S1P3 regulates microglial M1 polarization in the brain of tMCAO-challenged mouse
S1P3 activity in ischemic brain was linked with activation of ERK1/2, p38 MAPK, and Akt effector pathways
In the current study, we identified S1P3 as another S1P receptor subtype that triggers pathogenesis in transient focal cerebral ischemia along with mechanistic features, particularly in terms of microglial biology, and the effector signaling pathways after S1P3 activation. Suppression of S1P3 activity after tMCAO by its specific antagonist results in attenuation of brain damages. The pathogenic roles of S1P3 in the ischemic brain are closely associated with microglial activation, involving an increased number of activated microglia, morphological transformation into amoeboid shape, and microglial proliferation. In addition, S1P3 regulates M1 microglial polarization, but not M2 polarization, in the ischemic brain because inhibiting S1P3 after tMCAO weakened the characteristics of M1 polarization without any influence on the M2 markers. These biological roles were further supported in vitro using LPS-stimulated primary microglia. Finally, PI3K/Akt, ERK1/2 MAPK, and p38 MAPK pathways were identified as effector pathways after S1P3 activation in the ischemic brain.

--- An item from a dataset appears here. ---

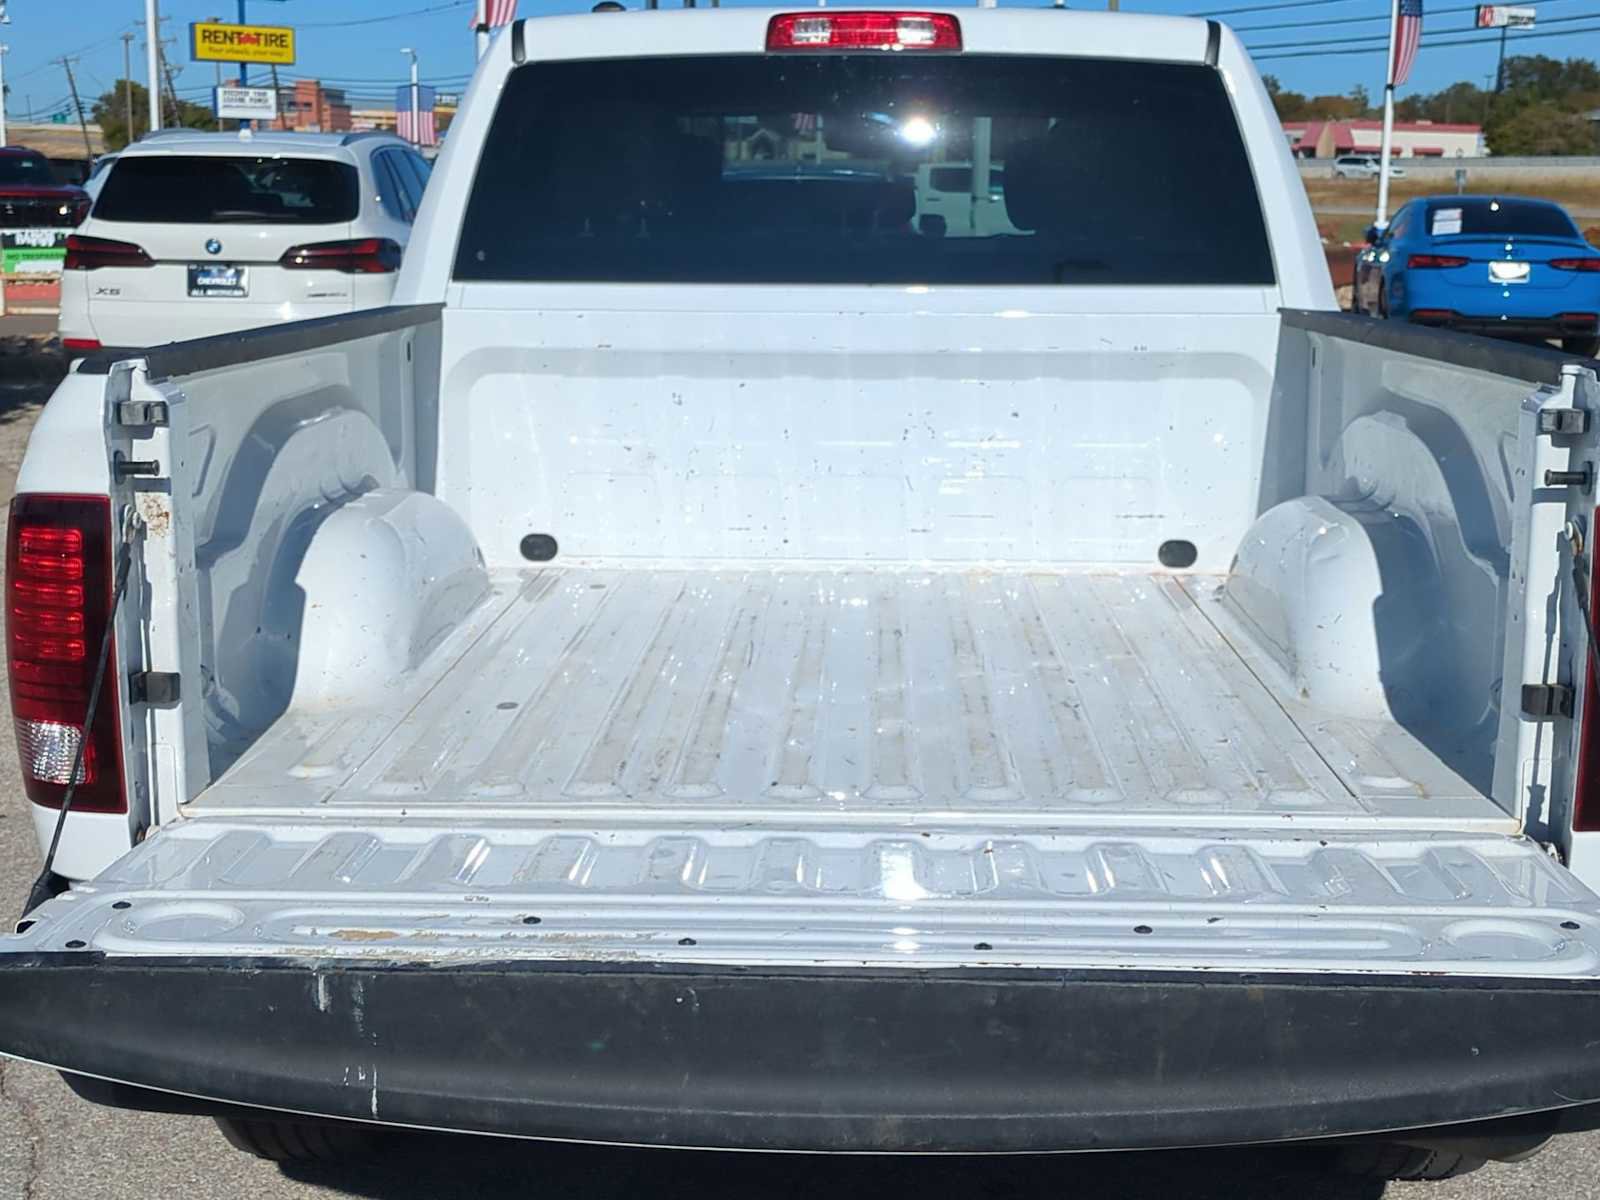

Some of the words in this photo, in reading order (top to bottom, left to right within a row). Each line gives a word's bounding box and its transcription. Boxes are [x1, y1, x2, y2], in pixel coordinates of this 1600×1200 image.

[202, 29, 241, 45] RENT
[255, 32, 289, 48] TIRE
[197, 276, 237, 286] CHEVROLET
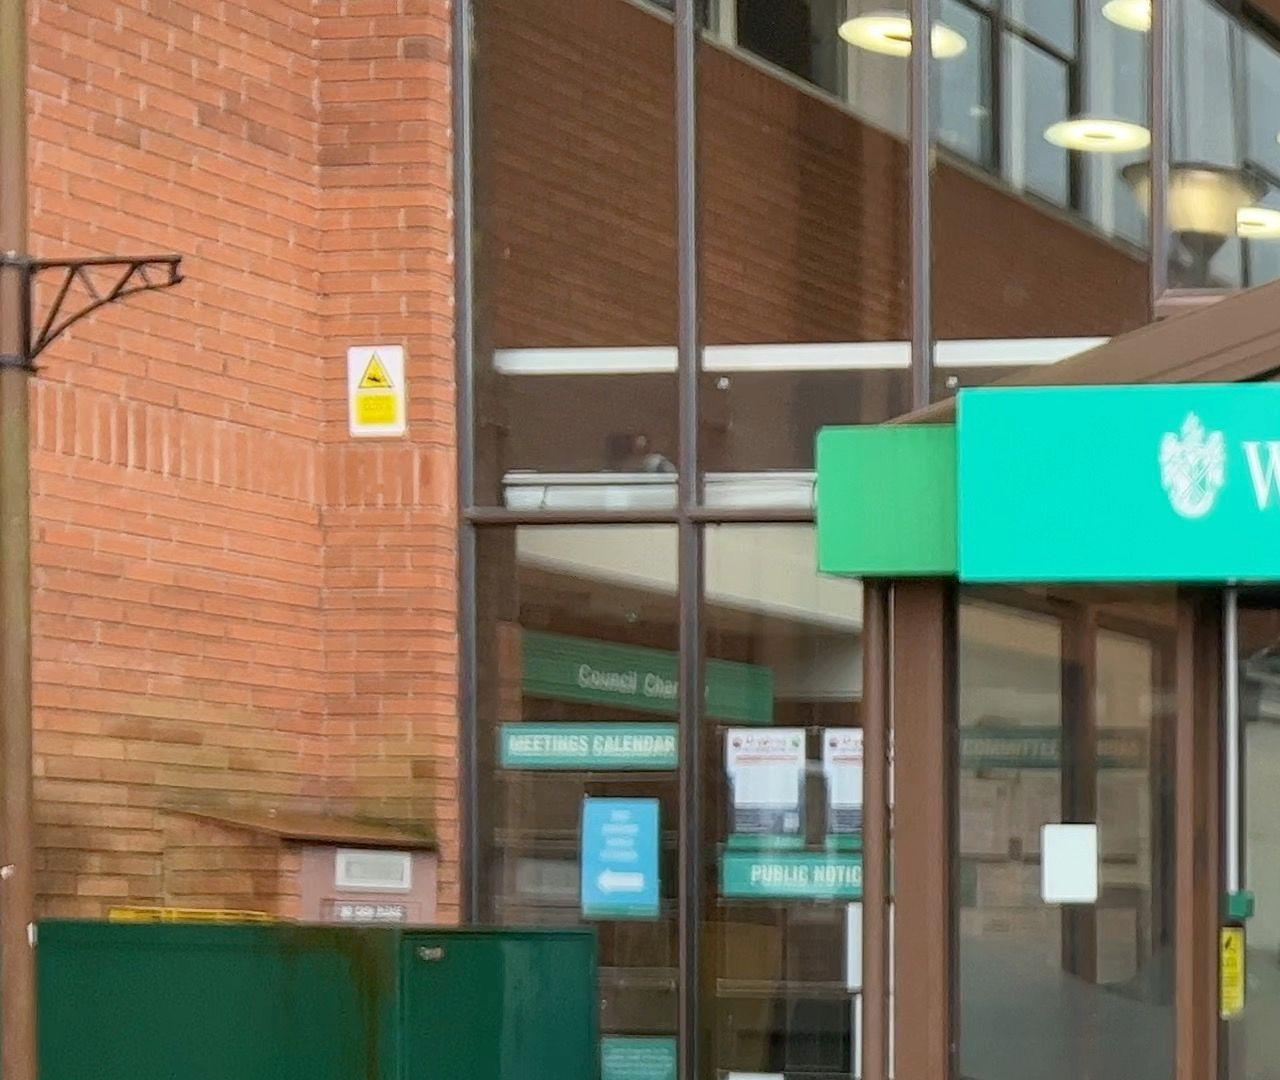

The use of receptor-mediated S1P signaling has been assumed as a possible therapeutic strategy to overcome cerebral ischemia because FTY720, which is a non-selective modulator of 4 of 5 S1P receptors after being phosphorylated, exerts neuroprotective effects in rodent models [3, 4, 5, 6, 7, 8]. Currently, FTY720 is under clinical trial for the treatment of acute stroke [10, 11], and another trial for acute ischemic stroke is underway to determine its clinical efficacy in combination with a thrombolytic therapy, alteplase . Despite these successful efforts, until recently, which S1P receptor subtypes are actual mediators for FTY720’s efficacy has remained uncertain. Our previous report proposed the first possibility for this, demonstrating S1P1 as a pathogenic factor in focal cerebral ischemia using a mouse model for transient focal cerebral ischemia . The current study identified S1P3 as an additional S1P receptor subtype to mediate brain injury in cerebral ischemia. Notably, it has been discovered that FTY720-phosphate acts as a functional antagonist for S1P1 [15, 16] and possibly for S1P3. Even with no direct evidence for the latter, a few findings indicate that FTY720-phosphate antagonizes S1P3 signaling. Either FTY720-phosphate or TY-52156 (a selective S1P3 antagonist) reduced p-selectin production and leucocyte rolling via S1P-S1P3 signaling axis, which was reaffirmed in S1P3 knockouts . FTY720-phosphate was also reported to antagonize Gq-mediated signaling pathway under S1P3 activation . Considering the inhibitory roles of FTY720-phosphate for S1P1 and S1P3, our previous and current in vivo findings strongly indicate that the reported FTY720’s efficacy in cerebral ischemia may be through suppressing at least the S1P1 and S1P3 activities. Besides FTY720-relevant target receptors, S1P2 was also identified to mediate brain injury in cerebral ischemia through the disruption of vascular integrity in the ischemic brain , even though it is not a target for FTY720-phosphate. Therefore, three subtypes of S1P receptors have been identified as pathogenic factors for cerebral ischemia. However, it is still unclear whether the mediation of the brain injury in the cerebral ischemia differs among the receptor subtypes and whether additional S1P receptor subtypes participate, such as S1P4 or S1P5.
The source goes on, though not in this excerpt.